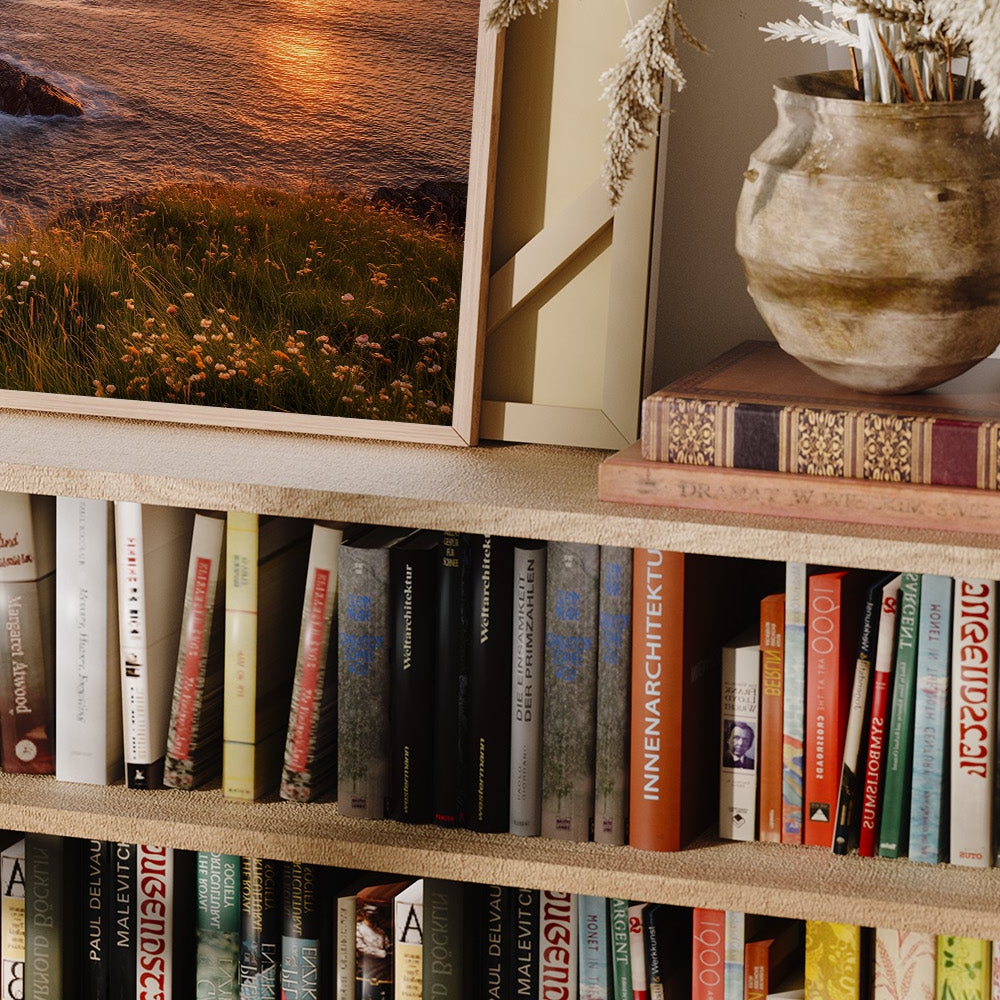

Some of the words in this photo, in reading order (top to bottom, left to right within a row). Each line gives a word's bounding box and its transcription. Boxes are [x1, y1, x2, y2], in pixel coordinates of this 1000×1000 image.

[5, 596, 27, 657] Margaret
[403, 563, 413, 671] Weltarchitektur
[516, 574, 527, 687] EINSAMKEIT
[524, 558, 536, 680] PRIMZAHLEN
[12, 661, 33, 714] Atwood
[515, 690, 525, 723] DIE
[523, 685, 534, 723] DER
[643, 549, 664, 802] INNENARCHITEKTU
[402, 745, 411, 814] westermann
[477, 737, 486, 821] westermann
[89, 841, 102, 911] DELVAU
[89, 916, 102, 962] PAUL
[488, 886, 501, 957] DELVAU
[587, 914, 598, 952] MONET
[612, 899, 631, 966] ARGENT
[648, 926, 660, 976] Werkkunst
[693, 921, 721, 986] 1900
[588, 958, 598, 969] IN

━━━━━━━━━━━━━━━━━━━━━━━━━━━━━━

§ **Description of the task**:
Only an exact copy of the records, free of images, belongs in the answer.

§ **Response below**:
Some of the words in this photo, in reading order (top to bottom, left to right within a row). Each line gives a word's bounding box and its transcription. Boxes are [x1, y1, x2, y2], in pixel coordinates of this 1000×1000 image.

[5, 596, 27, 657] Margaret
[403, 563, 413, 671] Weltarchitektur
[516, 574, 527, 687] EINSAMKEIT
[524, 558, 536, 680] PRIMZAHLEN
[12, 661, 33, 714] Atwood
[515, 690, 525, 723] DIE
[523, 685, 534, 723] DER
[643, 549, 664, 802] INNENARCHITEKTU
[402, 745, 411, 814] westermann
[477, 737, 486, 821] westermann
[89, 841, 102, 911] DELVAU
[89, 916, 102, 962] PAUL
[488, 886, 501, 957] DELVAU
[587, 914, 598, 952] MONET
[612, 899, 631, 966] ARGENT
[648, 926, 660, 976] Werkkunst
[693, 921, 721, 986] 1900
[588, 958, 598, 969] IN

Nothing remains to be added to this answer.